Recorded information Block Start
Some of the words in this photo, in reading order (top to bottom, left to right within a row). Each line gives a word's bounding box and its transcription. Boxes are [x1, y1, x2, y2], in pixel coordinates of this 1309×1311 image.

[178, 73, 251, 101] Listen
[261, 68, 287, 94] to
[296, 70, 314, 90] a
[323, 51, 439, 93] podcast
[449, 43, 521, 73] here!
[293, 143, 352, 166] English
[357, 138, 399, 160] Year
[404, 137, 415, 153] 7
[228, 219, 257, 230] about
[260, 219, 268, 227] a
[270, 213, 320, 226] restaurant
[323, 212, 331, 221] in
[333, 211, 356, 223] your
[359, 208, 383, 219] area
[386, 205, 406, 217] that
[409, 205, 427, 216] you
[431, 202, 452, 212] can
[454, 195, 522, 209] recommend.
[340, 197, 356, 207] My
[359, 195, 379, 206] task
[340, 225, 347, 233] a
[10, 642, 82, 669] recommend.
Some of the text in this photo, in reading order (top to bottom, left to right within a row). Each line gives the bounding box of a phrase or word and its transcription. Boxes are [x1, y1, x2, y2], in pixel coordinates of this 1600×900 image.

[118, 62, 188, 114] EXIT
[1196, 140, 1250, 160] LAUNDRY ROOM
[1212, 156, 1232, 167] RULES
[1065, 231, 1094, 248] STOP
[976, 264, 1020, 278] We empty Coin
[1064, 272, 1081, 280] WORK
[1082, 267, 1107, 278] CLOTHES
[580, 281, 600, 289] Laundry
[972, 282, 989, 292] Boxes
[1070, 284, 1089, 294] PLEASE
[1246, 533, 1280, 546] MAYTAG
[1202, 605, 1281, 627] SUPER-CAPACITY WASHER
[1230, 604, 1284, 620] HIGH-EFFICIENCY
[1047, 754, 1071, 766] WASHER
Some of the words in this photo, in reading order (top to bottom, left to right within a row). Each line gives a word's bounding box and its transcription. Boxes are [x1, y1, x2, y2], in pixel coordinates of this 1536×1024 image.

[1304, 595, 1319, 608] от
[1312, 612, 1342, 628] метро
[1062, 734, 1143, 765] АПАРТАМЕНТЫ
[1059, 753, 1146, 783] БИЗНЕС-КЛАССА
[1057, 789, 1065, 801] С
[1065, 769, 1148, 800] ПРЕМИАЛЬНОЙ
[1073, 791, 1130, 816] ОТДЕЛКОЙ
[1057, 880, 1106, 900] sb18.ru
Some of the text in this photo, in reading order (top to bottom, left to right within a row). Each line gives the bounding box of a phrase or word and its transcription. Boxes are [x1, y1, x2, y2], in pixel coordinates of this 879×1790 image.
Recorded information Block End
» What this task involves: Take the line that contains "this 1536×1024 image." and every line after it in the material above. Set those lines down exactly and nothing more.

» Task answer:
Some of the words in this photo, in reading order (top to bottom, left to right within a row). Each line gives a word's bounding box and its transcription. Boxes are [x1, y1, x2, y2], in pixel coordinates of this 1536×1024 image.

[1304, 595, 1319, 608] от
[1312, 612, 1342, 628] метро
[1062, 734, 1143, 765] АПАРТАМЕНТЫ
[1059, 753, 1146, 783] БИЗНЕС-КЛАССА
[1057, 789, 1065, 801] С
[1065, 769, 1148, 800] ПРЕМИАЛЬНОЙ
[1073, 791, 1130, 816] ОТДЕЛКОЙ
[1057, 880, 1106, 900] sb18.ru
Some of the text in this photo, in reading order (top to bottom, left to right within a row). Each line gives the bounding box of a phrase or word and its transcription. Boxes are [x1, y1, x2, y2], in pixel coordinates of this 879×1790 image.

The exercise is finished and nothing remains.